Accepting Internet Mail #
To accept mail from remote systems:
inet_interfaces = all
myhostname = mail.example.org
mydestination = mail.example.org, localhost.localdomain, localhost
To restrict incoming mail to a specific domain:
smtpd_recipient_restrictions =
permit_mynetworks,
permit_sasl_authenticated,
reject_unauth_destination
Ensure MX records for example.org point to the correct public IP address.
TLS Encryption #
To enable TLS for incoming and outgoing mail:
smtpd_tls_cert_file = /etc/ssl/example.org.crt
smtpd_tls_key_file = /etc/ssl/private/example.org.key
smtpd_use_tls = yes
smtpd_tls_auth_only = yes
smtp_tls_security_level = may
smtp_tls_note_starttls_offer = yes
Ensure proper permissions:
# chown root:_postfix /etc/ssl/private/example.org.key
# chmod 640 /etc/ssl/private/example.org.key
To force all clients to use encryption:
smtpd_tls_security_level = encrypt
Outgoing Mail via Smarthost #
To relay all outbound messages through a provider:
relayhost = [smtp.example.net]:587
smtp_sasl_auth_enable = yes
smtp_sasl_password_maps = hash:/etc/postfix/sasl_passwd
smtp_sasl_security_options = noanonymous
smtp_use_tls = yes
Create /etc/postfix/sasl_passwd:
[smtp.example.net]:587 user@example.net:password123
Convert and secure the file:
# postmap /etc/postfix/sasl_passwd
# chmod 600 /etc/postfix/sasl_passwd /etc/postfix/sasl_passwd.db
# chown root:_postfix /etc/postfix/sasl_passwd*
Reload Postfix:
# postfix reload
Virtual Domains and Users #
To host mail for domains and users not mapped to system accounts:
Define /etc/postfix/virtual
#
admin@example.org adminuser
sales@example.org salesuser
info@example.org infoaccount
Create and map the file:
# postmap /etc/postfix/virtual
Update main.cf:
virtual_alias_domains = example.org
virtual_alias_maps = hash:/etc/postfix/virtual
Reload Postfix:
# postfix reload
Filtering Mail #
Postfix supports a variety of content filters via content inspection and milter integration.

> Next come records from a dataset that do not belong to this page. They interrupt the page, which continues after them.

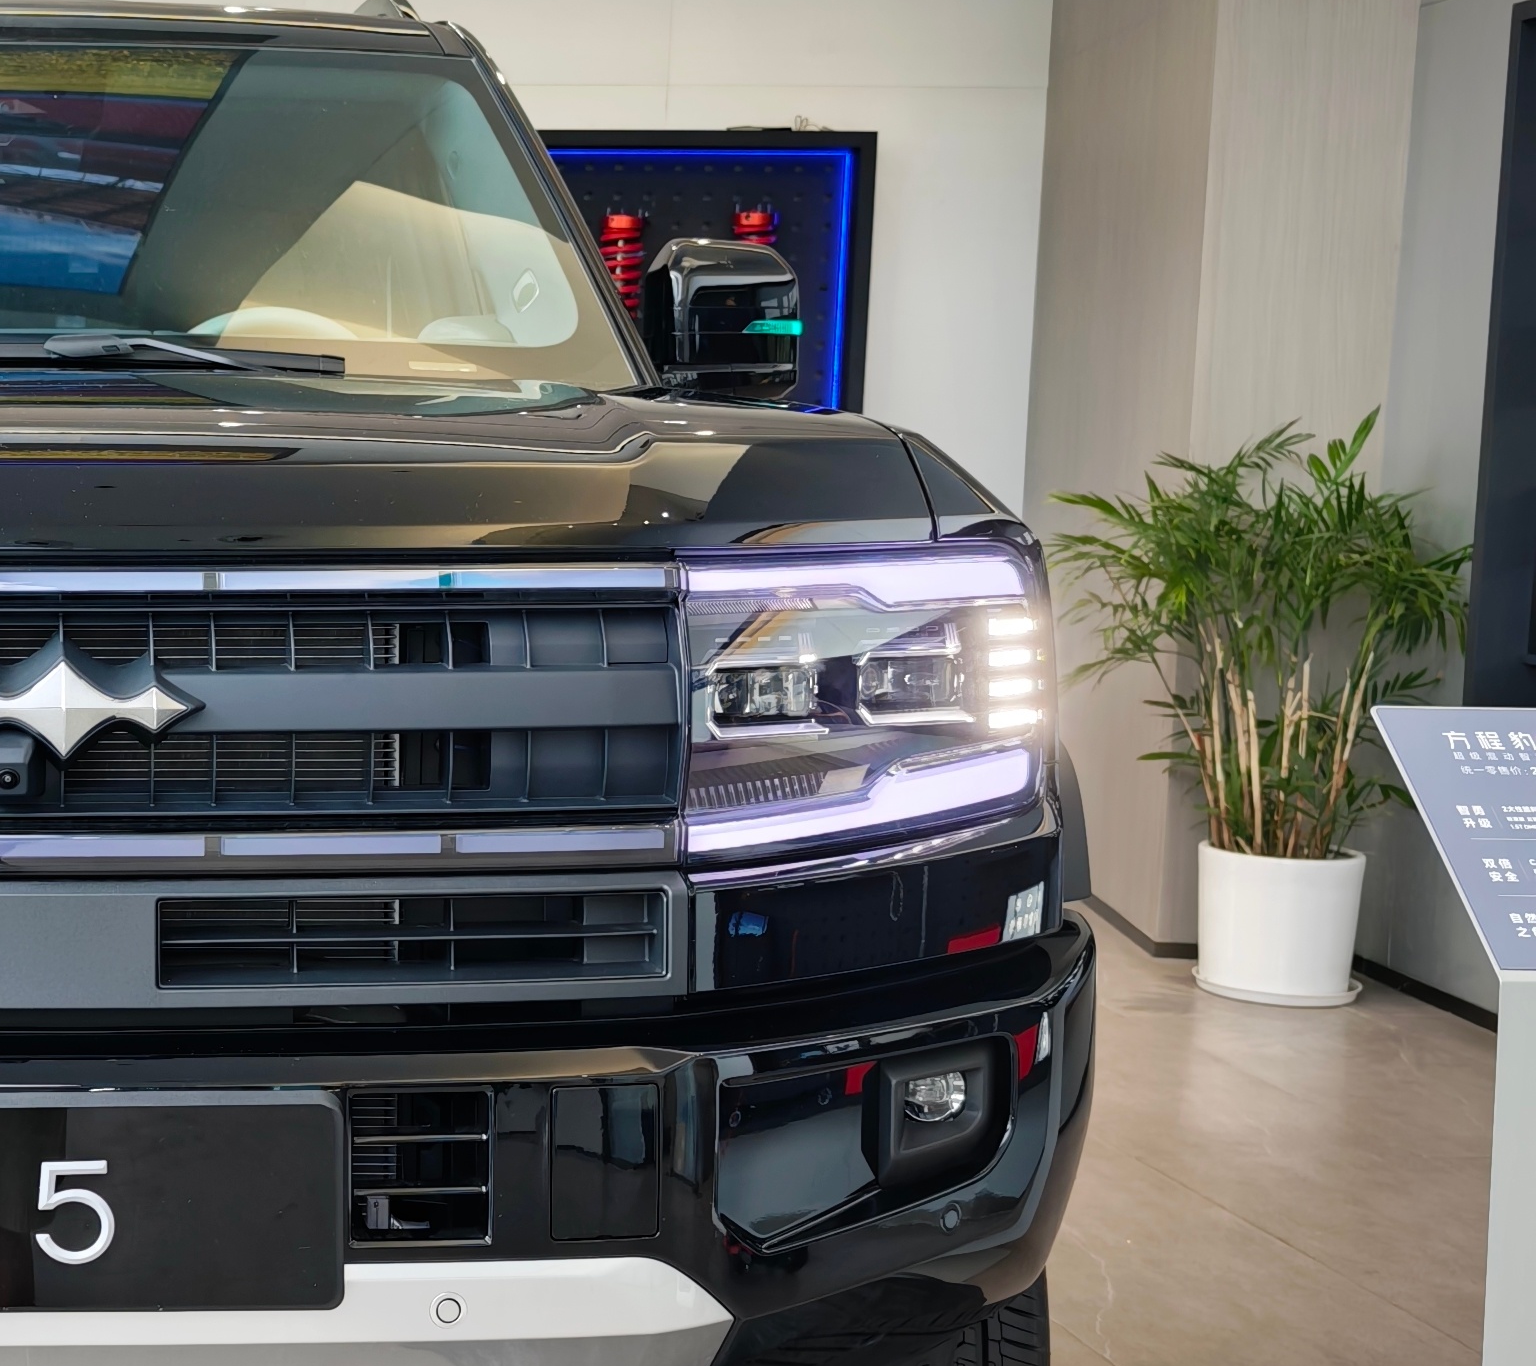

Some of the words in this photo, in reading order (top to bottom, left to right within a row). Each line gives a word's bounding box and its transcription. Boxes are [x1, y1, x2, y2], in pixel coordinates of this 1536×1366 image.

[1441, 731, 1536, 750] 方程豹
[1453, 752, 1536, 761] 超级混动智
[1482, 858, 1513, 869] 双倍
[1488, 871, 1520, 882] 安全
[34, 1159, 116, 1266] 5
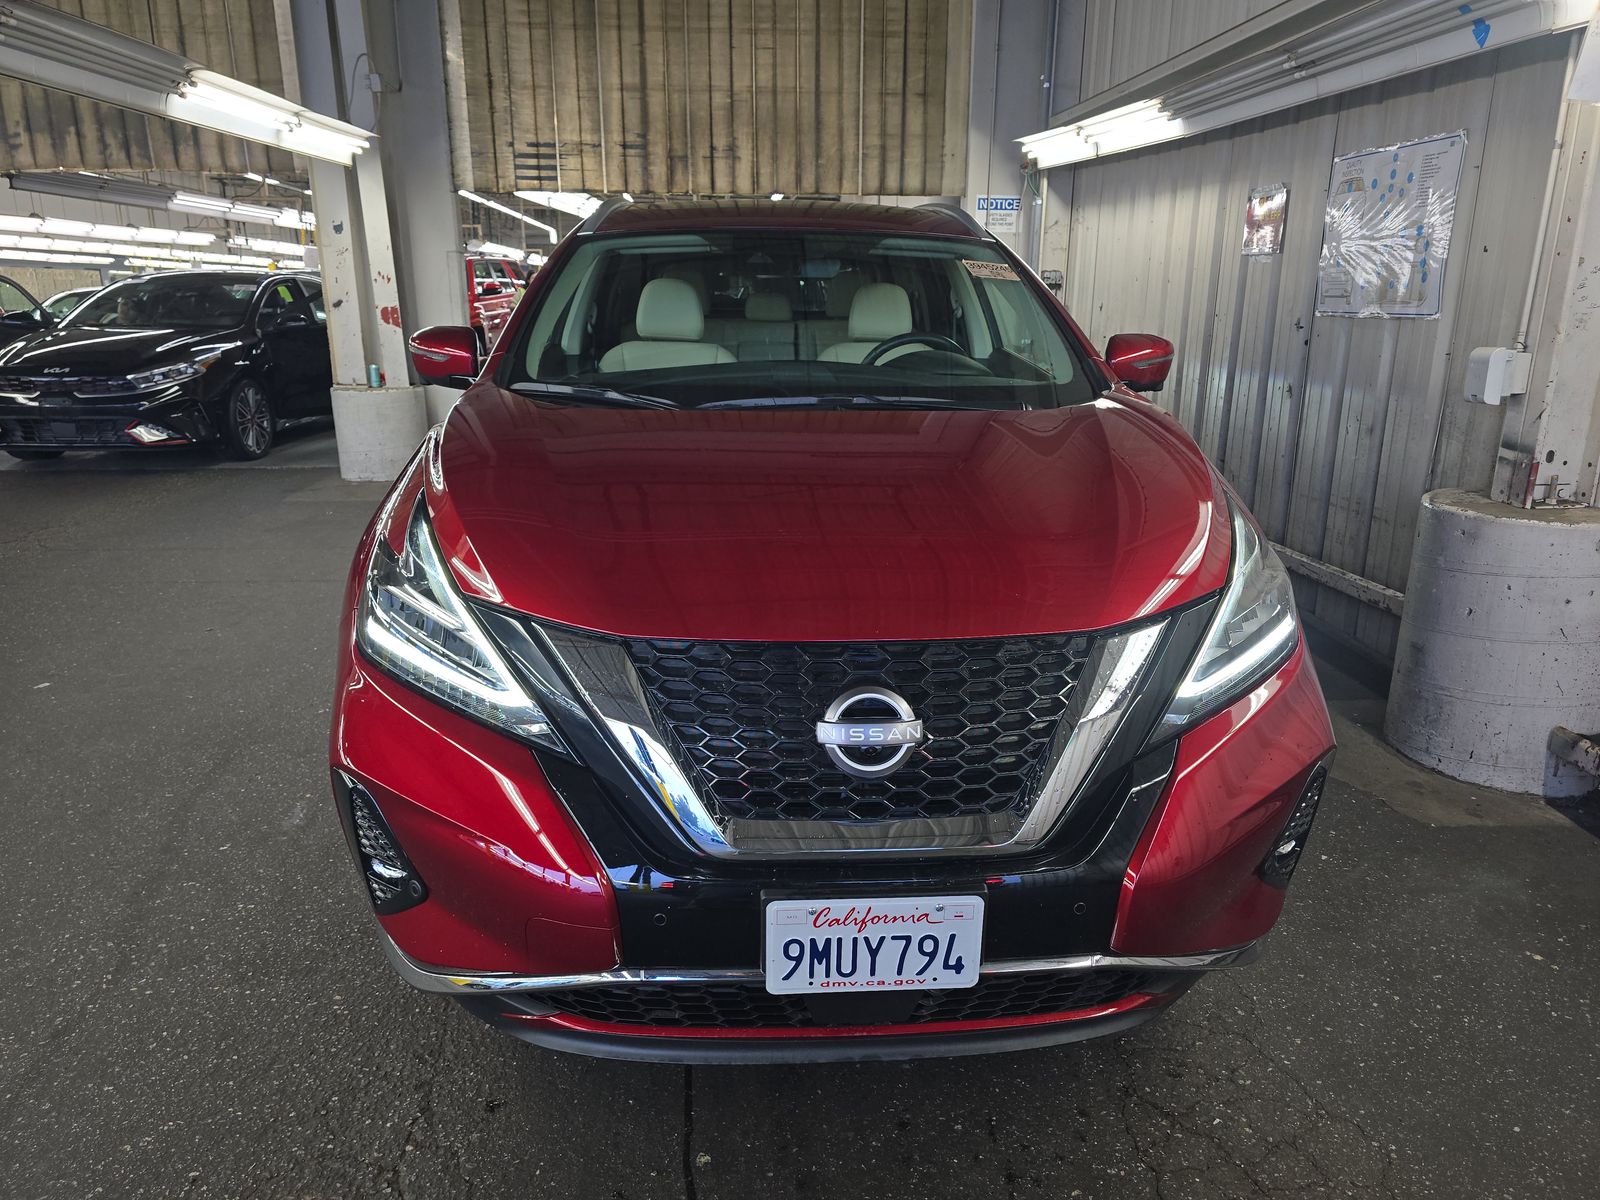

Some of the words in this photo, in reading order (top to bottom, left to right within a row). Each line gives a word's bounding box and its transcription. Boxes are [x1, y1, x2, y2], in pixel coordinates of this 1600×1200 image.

[979, 199, 1020, 209] NOTICE
[820, 726, 921, 741] NISSAN
[812, 907, 944, 933] California
[781, 933, 965, 980] 9MUY794
[820, 978, 927, 988] dmv.ca.gov
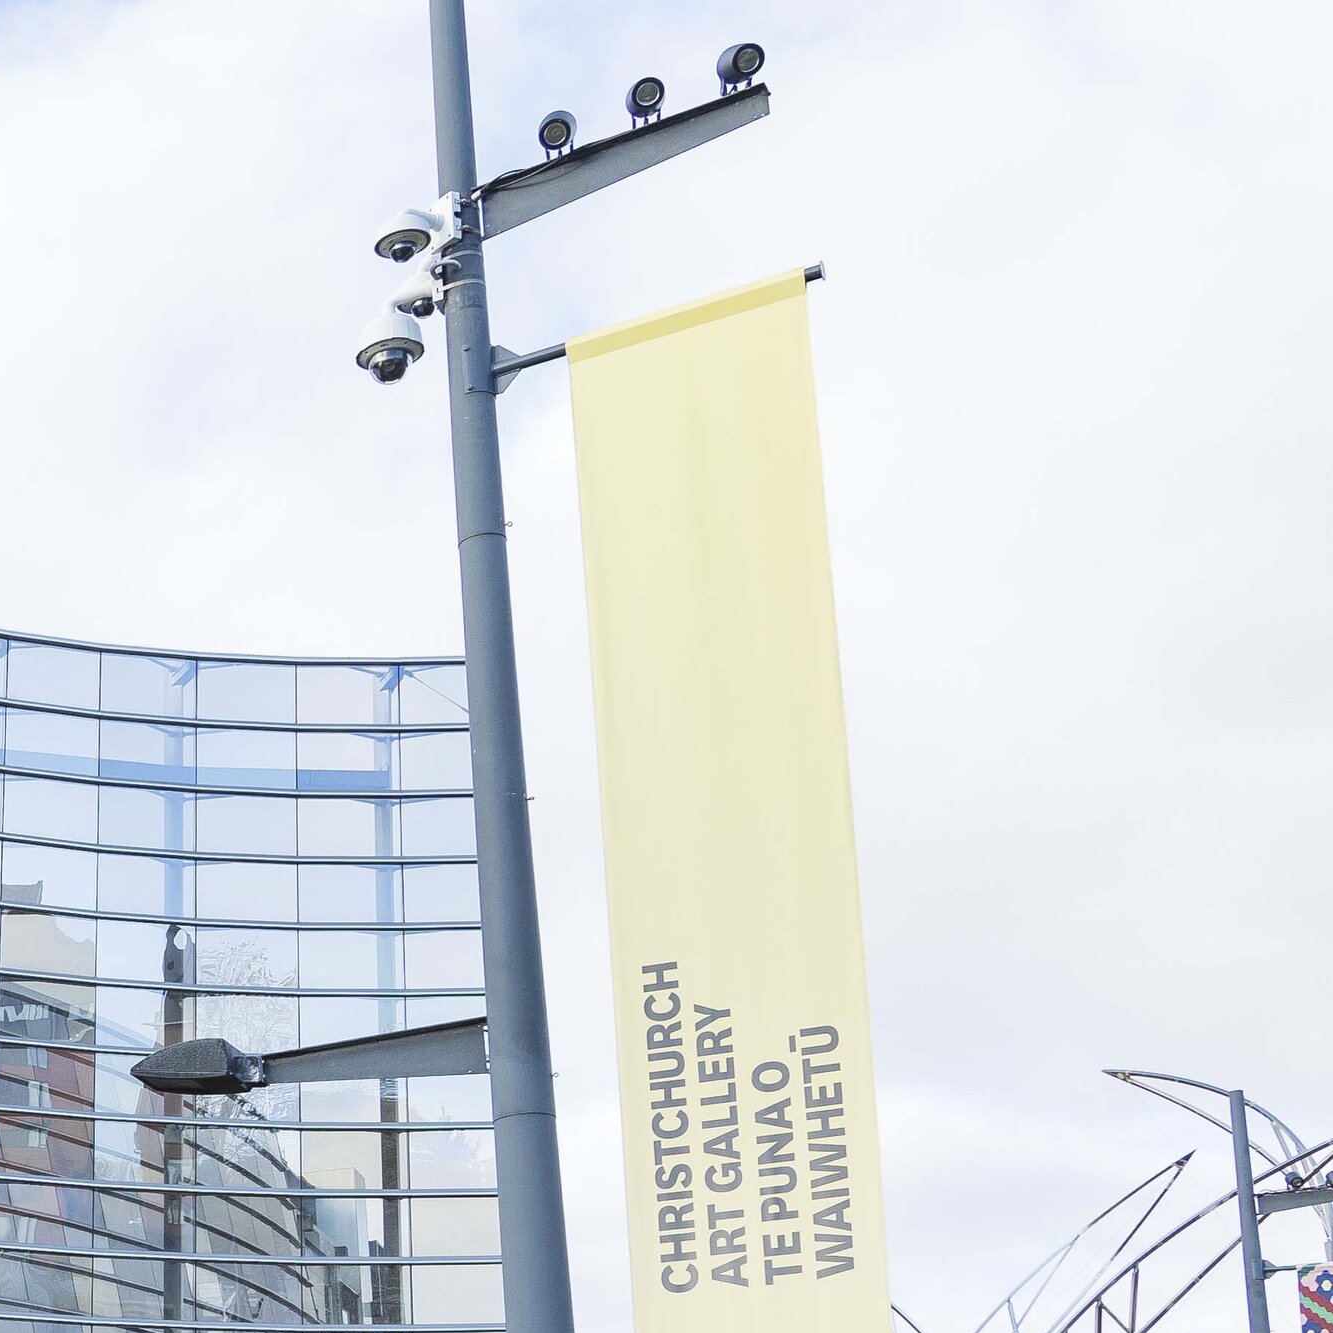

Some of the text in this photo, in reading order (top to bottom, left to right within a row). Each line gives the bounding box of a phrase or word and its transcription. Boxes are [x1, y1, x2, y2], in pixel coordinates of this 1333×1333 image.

[641, 960, 699, 1294] CHRISTCHURCH
[693, 1003, 749, 1288] ART GALLERY
[762, 1231, 803, 1286] TE
[789, 1024, 855, 1280] WAIWHETŪ
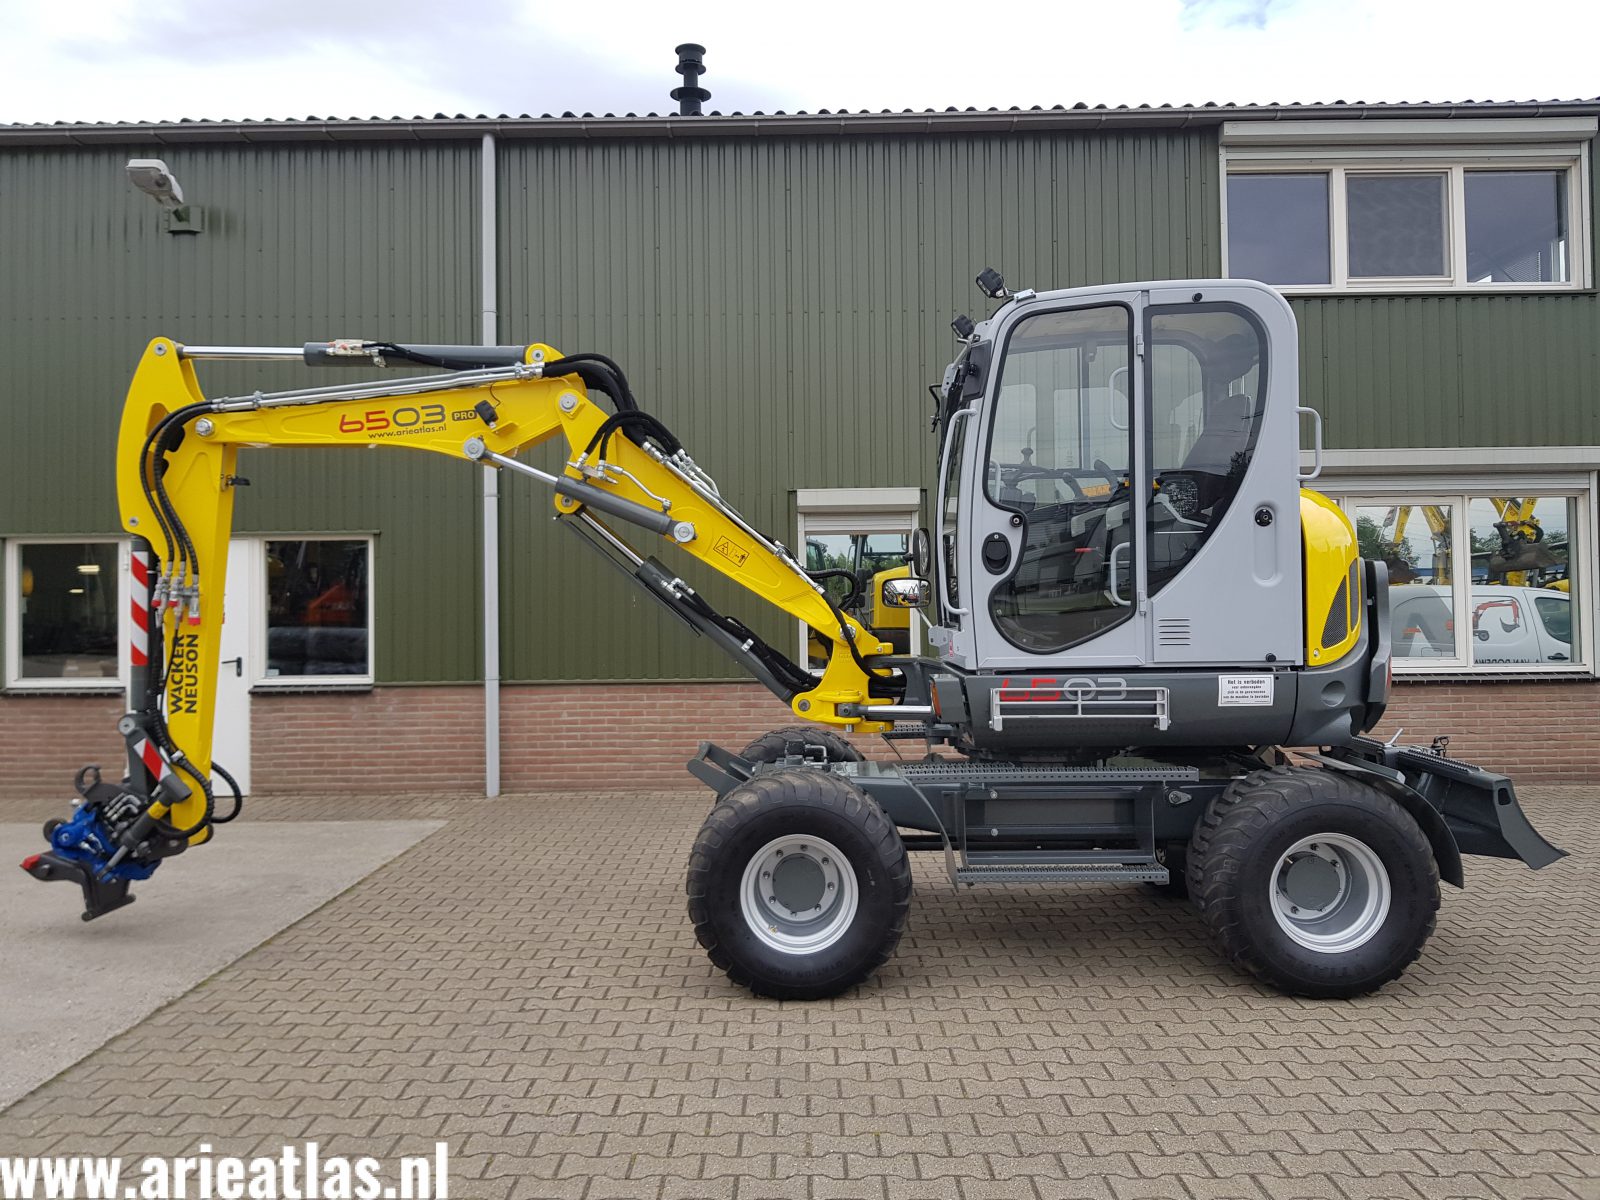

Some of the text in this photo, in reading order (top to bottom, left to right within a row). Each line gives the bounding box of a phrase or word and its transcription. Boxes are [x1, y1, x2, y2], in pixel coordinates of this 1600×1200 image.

[339, 404, 476, 433] 6503 PRO
[368, 423, 447, 439] www.arieatlas.nl
[184, 634, 199, 714] NEUSON

Basic Header and Body Checks #
To block specific subjects or bodies, use:
/etc/postfix/header_checks/etc/postfix/body_checks
Enable in main.cf:
header_checks = regexp:/etc/postfix/header_checks
body_checks = regexp:/etc/postfix/body_checks
Integration with SpamAssassin and ClamAV #
Install amavisd:
# pkg_add amavisd-new spamassassin clamav
Configure main.cf:
content_filter = smtp-amavis:[127.0.0.1]:10024
Edit /etc/postfix/master.cf to include:
smtp-amavis unix - - n - 2 smtp
-o smtp_data_done_timeout=1200
-o smtp_send_xforward_command=yes
-o disable_dns_lookups=yes
127.0.0.1:10025 inet n - n - - smtpd
-o content_filter=
-o receive_override_options=no_unknown_recipient_checks
-o smtpd_helo_restrictions=
-o smtpd_client_restrictions=
-o smtpd_sender_restrictions=
-o smtpd_recipient_restrictions=permit_mynetworks,reject
-o mynetworks=127.0.0.0/8
-o smtpd_authorized_xforward_hosts=127.0.0.0/8
Administrative Commands #
Check the queue:
# mailq
Flush the queue:
# postfix flush
View logs:
# tail -f /var/log/maillog
Examine configuration:
# postconf -n
Testing #
Send a test message:
$ mail -s "Test Postfix" user@example.org < /dev/null
Check if Postfix is listening:
# netstat -an | grep 25
Verify TLS:
$ openssl s_client -starttls smtp -connect mail.example.org:25
Summary of Key Configuration Files #
| File | Purpose |
|---|---|
/etc/postfix/main.cf | Main configuration |
/etc/postfix/master.cf | Daemon/service process configuration |
/etc/postfix/virtual | Virtual address mapping |
/etc/postfix/sasl_passwd | SMTP authentication credentials |
/var/log/maillog | Postfix logging output |
/etc/postfix/header_checks | Regex for filtering message headers |
/etc/postfix/body_checks | Regex for filtering message bodies |
# postfix reload
Always reload after modifying configuration files.
Alternatives #
Postfix is suitable for most use cases, but lighter alternatives such as smtpd(8) (OpenSMTPD) may be preferred for systems requiring simplicity and tight OpenBSD integration.